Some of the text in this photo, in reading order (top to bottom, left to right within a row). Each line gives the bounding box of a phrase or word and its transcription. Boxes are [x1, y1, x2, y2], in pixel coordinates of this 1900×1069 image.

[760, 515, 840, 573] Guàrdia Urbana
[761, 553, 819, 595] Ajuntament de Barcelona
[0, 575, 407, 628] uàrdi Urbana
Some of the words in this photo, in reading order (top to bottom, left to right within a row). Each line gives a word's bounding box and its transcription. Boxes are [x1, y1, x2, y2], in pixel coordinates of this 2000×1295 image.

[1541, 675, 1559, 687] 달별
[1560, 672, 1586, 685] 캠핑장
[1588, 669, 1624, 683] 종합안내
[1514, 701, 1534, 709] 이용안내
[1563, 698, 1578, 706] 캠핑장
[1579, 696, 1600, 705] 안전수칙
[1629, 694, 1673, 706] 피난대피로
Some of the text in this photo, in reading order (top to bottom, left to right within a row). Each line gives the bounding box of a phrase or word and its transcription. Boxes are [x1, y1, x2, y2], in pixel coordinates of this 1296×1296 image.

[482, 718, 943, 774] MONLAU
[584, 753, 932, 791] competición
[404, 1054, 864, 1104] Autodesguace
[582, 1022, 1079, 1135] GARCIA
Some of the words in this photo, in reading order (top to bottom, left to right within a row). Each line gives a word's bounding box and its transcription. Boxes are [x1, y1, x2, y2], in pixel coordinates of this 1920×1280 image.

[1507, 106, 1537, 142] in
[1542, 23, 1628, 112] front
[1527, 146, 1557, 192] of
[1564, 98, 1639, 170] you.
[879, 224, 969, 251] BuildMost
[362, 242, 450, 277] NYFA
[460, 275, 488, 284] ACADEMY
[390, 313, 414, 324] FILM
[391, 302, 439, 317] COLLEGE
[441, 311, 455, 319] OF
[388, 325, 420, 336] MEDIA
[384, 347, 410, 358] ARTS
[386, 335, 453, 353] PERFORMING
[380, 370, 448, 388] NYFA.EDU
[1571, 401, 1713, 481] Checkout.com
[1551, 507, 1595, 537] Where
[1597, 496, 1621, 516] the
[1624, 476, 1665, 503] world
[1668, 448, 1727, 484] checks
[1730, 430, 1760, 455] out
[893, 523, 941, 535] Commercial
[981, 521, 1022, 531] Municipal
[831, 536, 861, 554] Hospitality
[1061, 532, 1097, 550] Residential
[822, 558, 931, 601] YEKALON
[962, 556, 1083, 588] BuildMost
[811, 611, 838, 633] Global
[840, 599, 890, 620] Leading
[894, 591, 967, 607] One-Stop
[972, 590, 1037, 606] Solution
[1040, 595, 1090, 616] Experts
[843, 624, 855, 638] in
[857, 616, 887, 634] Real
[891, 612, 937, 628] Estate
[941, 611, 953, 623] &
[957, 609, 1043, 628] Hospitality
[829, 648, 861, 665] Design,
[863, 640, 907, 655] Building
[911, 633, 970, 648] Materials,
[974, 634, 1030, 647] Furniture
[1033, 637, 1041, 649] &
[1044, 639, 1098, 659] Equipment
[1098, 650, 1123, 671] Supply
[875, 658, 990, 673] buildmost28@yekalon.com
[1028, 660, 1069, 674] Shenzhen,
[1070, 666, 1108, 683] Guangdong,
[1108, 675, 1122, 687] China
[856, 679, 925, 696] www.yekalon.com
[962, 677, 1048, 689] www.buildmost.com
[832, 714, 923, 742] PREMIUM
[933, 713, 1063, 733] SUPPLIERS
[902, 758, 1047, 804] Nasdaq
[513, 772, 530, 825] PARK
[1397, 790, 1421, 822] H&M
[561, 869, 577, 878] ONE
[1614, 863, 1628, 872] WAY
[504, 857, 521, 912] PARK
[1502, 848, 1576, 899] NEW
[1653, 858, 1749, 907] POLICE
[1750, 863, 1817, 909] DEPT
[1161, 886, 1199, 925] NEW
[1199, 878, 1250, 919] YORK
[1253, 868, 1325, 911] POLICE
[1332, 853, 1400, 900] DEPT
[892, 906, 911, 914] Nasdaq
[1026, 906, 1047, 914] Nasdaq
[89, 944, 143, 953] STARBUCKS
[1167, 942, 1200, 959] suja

**WORK INSTRUCTION:**
Reproduce the listing above verbatim.

**SOLUTION FOR THIS EXERCISE:**
Some of the text in this photo, in reading order (top to bottom, left to right within a row). Each line gives the bounding box of a phrase or word and its transcription. Boxes are [x1, y1, x2, y2], in pixel coordinates of this 1900×1069 image.

[760, 515, 840, 573] Guàrdia Urbana
[761, 553, 819, 595] Ajuntament de Barcelona
[0, 575, 407, 628] uàrdi Urbana
Some of the words in this photo, in reading order (top to bottom, left to right within a row). Each line gives a word's bounding box and its transcription. Boxes are [x1, y1, x2, y2], in pixel coordinates of this 2000×1295 image.

[1541, 675, 1559, 687] 달별
[1560, 672, 1586, 685] 캠핑장
[1588, 669, 1624, 683] 종합안내
[1514, 701, 1534, 709] 이용안내
[1563, 698, 1578, 706] 캠핑장
[1579, 696, 1600, 705] 안전수칙
[1629, 694, 1673, 706] 피난대피로
Some of the text in this photo, in reading order (top to bottom, left to right within a row). Each line gives the bounding box of a phrase or word and its transcription. Boxes are [x1, y1, x2, y2], in pixel coordinates of this 1296×1296 image.

[482, 718, 943, 774] MONLAU
[584, 753, 932, 791] competición
[404, 1054, 864, 1104] Autodesguace
[582, 1022, 1079, 1135] GARCIA
Some of the words in this photo, in reading order (top to bottom, left to right within a row). Each line gives a word's bounding box and its transcription. Boxes are [x1, y1, x2, y2], in pixel coordinates of this 1920×1280 image.

[1507, 106, 1537, 142] in
[1542, 23, 1628, 112] front
[1527, 146, 1557, 192] of
[1564, 98, 1639, 170] you.
[879, 224, 969, 251] BuildMost
[362, 242, 450, 277] NYFA
[460, 275, 488, 284] ACADEMY
[390, 313, 414, 324] FILM
[391, 302, 439, 317] COLLEGE
[441, 311, 455, 319] OF
[388, 325, 420, 336] MEDIA
[384, 347, 410, 358] ARTS
[386, 335, 453, 353] PERFORMING
[380, 370, 448, 388] NYFA.EDU
[1571, 401, 1713, 481] Checkout.com
[1551, 507, 1595, 537] Where
[1597, 496, 1621, 516] the
[1624, 476, 1665, 503] world
[1668, 448, 1727, 484] checks
[1730, 430, 1760, 455] out
[893, 523, 941, 535] Commercial
[981, 521, 1022, 531] Municipal
[831, 536, 861, 554] Hospitality
[1061, 532, 1097, 550] Residential
[822, 558, 931, 601] YEKALON
[962, 556, 1083, 588] BuildMost
[811, 611, 838, 633] Global
[840, 599, 890, 620] Leading
[894, 591, 967, 607] One-Stop
[972, 590, 1037, 606] Solution
[1040, 595, 1090, 616] Experts
[843, 624, 855, 638] in
[857, 616, 887, 634] Real
[891, 612, 937, 628] Estate
[941, 611, 953, 623] &
[957, 609, 1043, 628] Hospitality
[829, 648, 861, 665] Design,
[863, 640, 907, 655] Building
[911, 633, 970, 648] Materials,
[974, 634, 1030, 647] Furniture
[1033, 637, 1041, 649] &
[1044, 639, 1098, 659] Equipment
[1098, 650, 1123, 671] Supply
[875, 658, 990, 673] buildmost28@yekalon.com
[1028, 660, 1069, 674] Shenzhen,
[1070, 666, 1108, 683] Guangdong,
[1108, 675, 1122, 687] China
[856, 679, 925, 696] www.yekalon.com
[962, 677, 1048, 689] www.buildmost.com
[832, 714, 923, 742] PREMIUM
[933, 713, 1063, 733] SUPPLIERS
[902, 758, 1047, 804] Nasdaq
[513, 772, 530, 825] PARK
[1397, 790, 1421, 822] H&M
[561, 869, 577, 878] ONE
[1614, 863, 1628, 872] WAY
[504, 857, 521, 912] PARK
[1502, 848, 1576, 899] NEW
[1653, 858, 1749, 907] POLICE
[1750, 863, 1817, 909] DEPT
[1161, 886, 1199, 925] NEW
[1199, 878, 1250, 919] YORK
[1253, 868, 1325, 911] POLICE
[1332, 853, 1400, 900] DEPT
[892, 906, 911, 914] Nasdaq
[1026, 906, 1047, 914] Nasdaq
[89, 944, 143, 953] STARBUCKS
[1167, 942, 1200, 959] suja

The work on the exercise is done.